* **What you are asked to do**: Every record must come back unchanged, apart from the pictures, which are dropped.

Images for object localization:
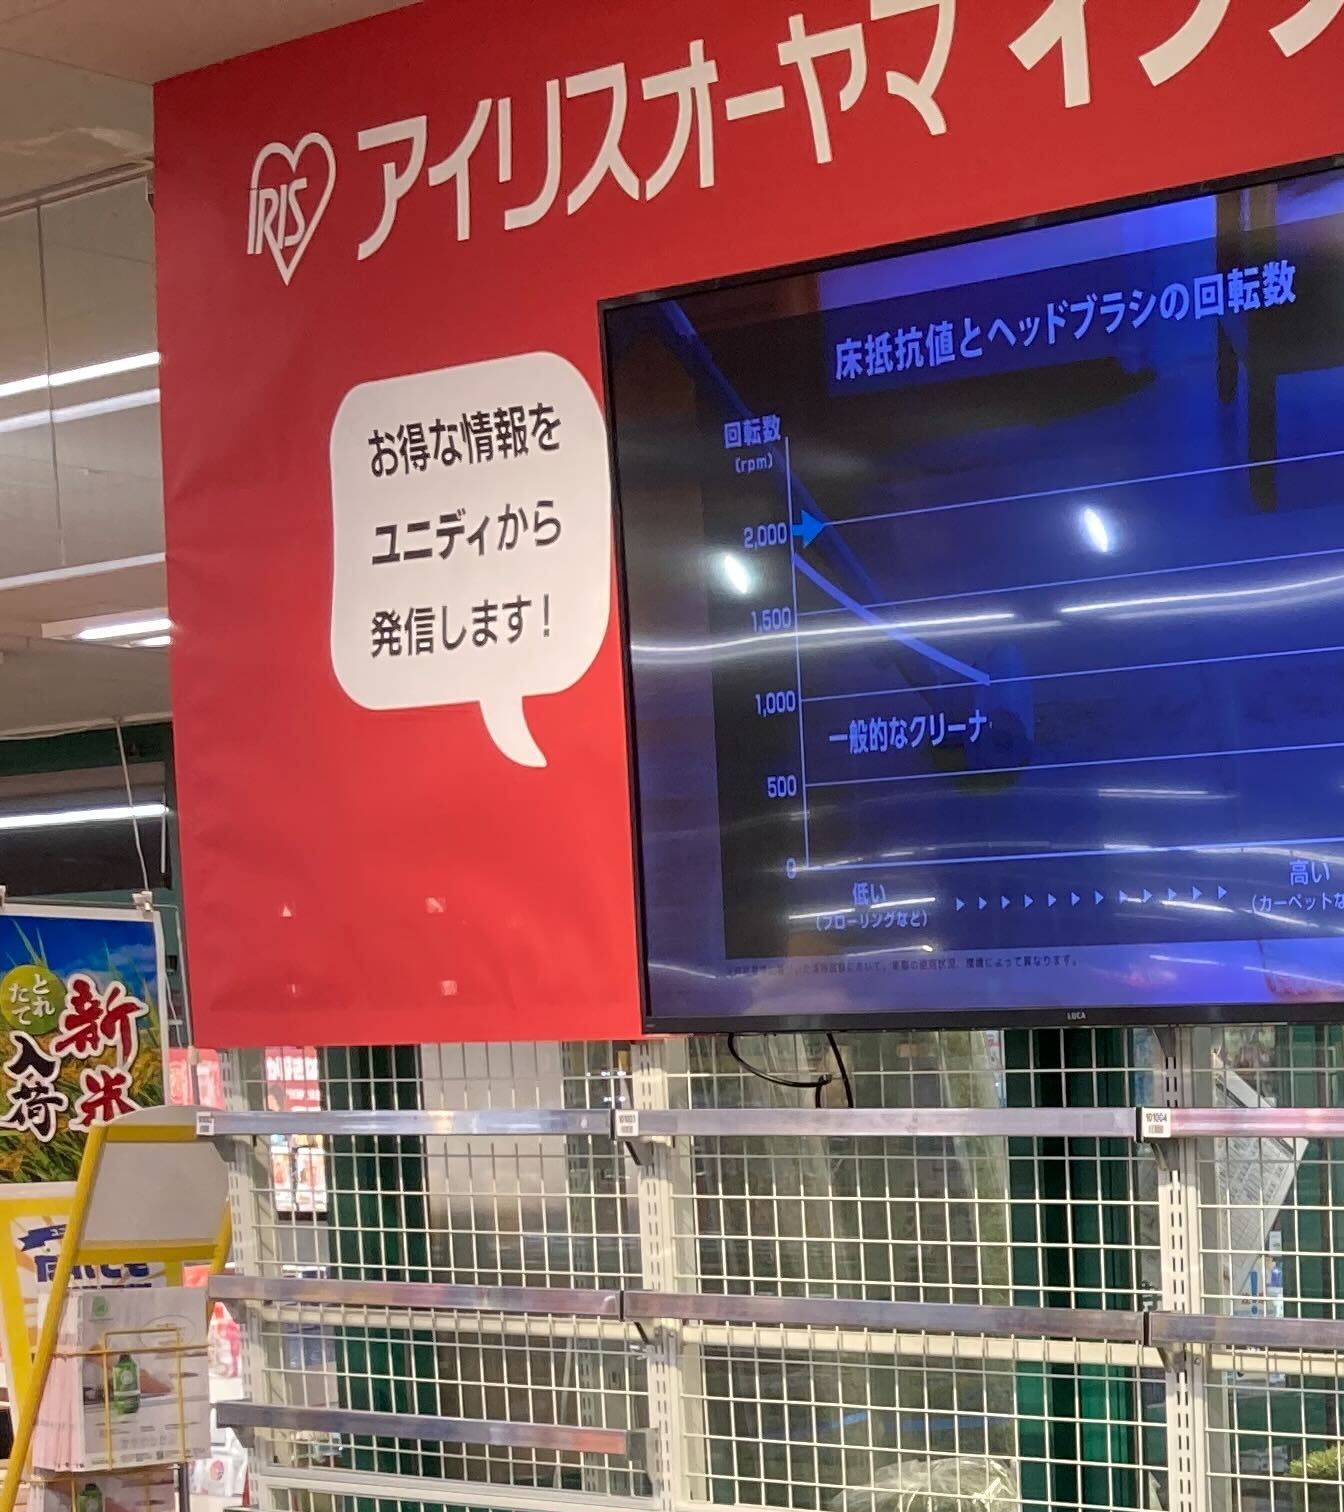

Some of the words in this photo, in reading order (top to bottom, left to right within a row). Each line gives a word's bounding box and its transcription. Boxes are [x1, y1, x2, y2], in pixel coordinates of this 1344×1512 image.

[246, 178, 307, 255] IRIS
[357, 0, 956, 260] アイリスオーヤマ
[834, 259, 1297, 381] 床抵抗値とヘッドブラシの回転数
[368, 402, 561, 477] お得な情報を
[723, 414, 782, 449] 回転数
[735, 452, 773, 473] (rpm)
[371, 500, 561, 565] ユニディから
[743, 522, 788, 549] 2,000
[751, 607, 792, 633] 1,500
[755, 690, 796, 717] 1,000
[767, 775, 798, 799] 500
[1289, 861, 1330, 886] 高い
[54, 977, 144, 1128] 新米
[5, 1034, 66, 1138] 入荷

* **Result of this task**:
Some of the words in this photo, in reading order (top to bottom, left to right within a row). Each line gives a word's bounding box and its transcription. Boxes are [x1, y1, x2, y2], in pixel coordinates of this 1344×1512 image.

[246, 178, 307, 255] IRIS
[357, 0, 956, 260] アイリスオーヤマ
[834, 259, 1297, 381] 床抵抗値とヘッドブラシの回転数
[368, 402, 561, 477] お得な情報を
[723, 414, 782, 449] 回転数
[735, 452, 773, 473] (rpm)
[371, 500, 561, 565] ユニディから
[743, 522, 788, 549] 2,000
[751, 607, 792, 633] 1,500
[755, 690, 796, 717] 1,000
[767, 775, 798, 799] 500
[1289, 861, 1330, 886] 高い
[54, 977, 144, 1128] 新米
[5, 1034, 66, 1138] 入荷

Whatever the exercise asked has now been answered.